FIGURE 1.

Rpn10 is present in the 19S complexes on both ends of a DC 26S proteasome. A, left panel: Western blot analysis of haploid strains expressing Rpn11-proA or Rpn11–3×HA, as well as diploid yeast expressing both differentially tagged versions of Rpn11. Right panel: 26S proteasome affinity purified on IgG beads were released from the matrix by TEV protease and analyzed for the present of HA-tagged Rpn11. Pulldown of complete proteasome were verified by immunodetection of a 20S subunit in the immunoprecipitate from both haploid and diploid strains. B, 26S proteasome were affinity purified using IgG-linked beads from a diploid strain expressing 3×HA-tagged and wild-type Rpn10 as well as Rpn11-ProA (Table 1). The 26S particles were released from the matrix by TEV protease and were then incubated with agarose beads decorated with HA antibodies. The immunoprecipitate was subjected to Western blot analysis using anti Rpn10, HA, and Rpt2 antibodies. Both wild-type and 3×HA-tagged Rpn10 were detected indicating that the two Rpn10 versions are present at least in some of the 26S proteasomes.
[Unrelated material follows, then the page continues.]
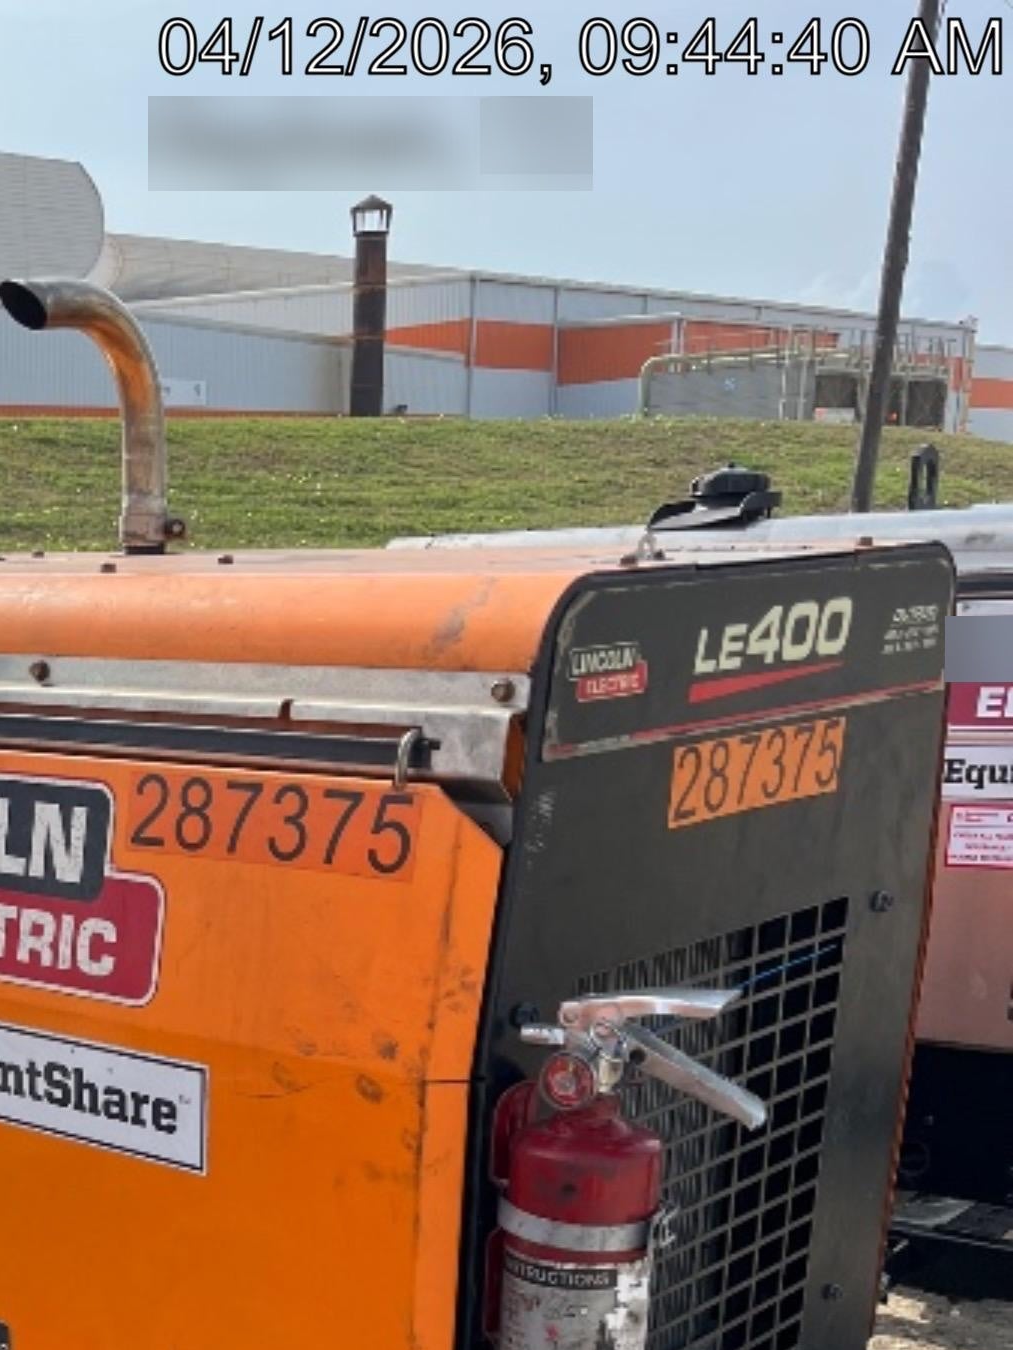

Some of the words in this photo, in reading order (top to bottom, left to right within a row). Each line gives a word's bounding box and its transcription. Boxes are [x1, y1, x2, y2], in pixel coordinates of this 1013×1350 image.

Co-precipitation of other proteasomal subunits was confirmed by the detection of Rpt2. C, 293 cells were transfected with the indicated expression plasmids and subjected to glutathione affinity purification. Proteasomal purification by the GSH matrix was evaluated by immunoblots toward PSMA1. D, 293 cells were transfected with the indicated expression plasmids, and cell lysates were fractionated by velocity gradient centrifugation. Proteasome-containing fractions were pooled and subjected to glutathione affinity purification. Existence of doubly bound PSMD14 and S5a proteasome complexes was determined by a GFP immunoblot.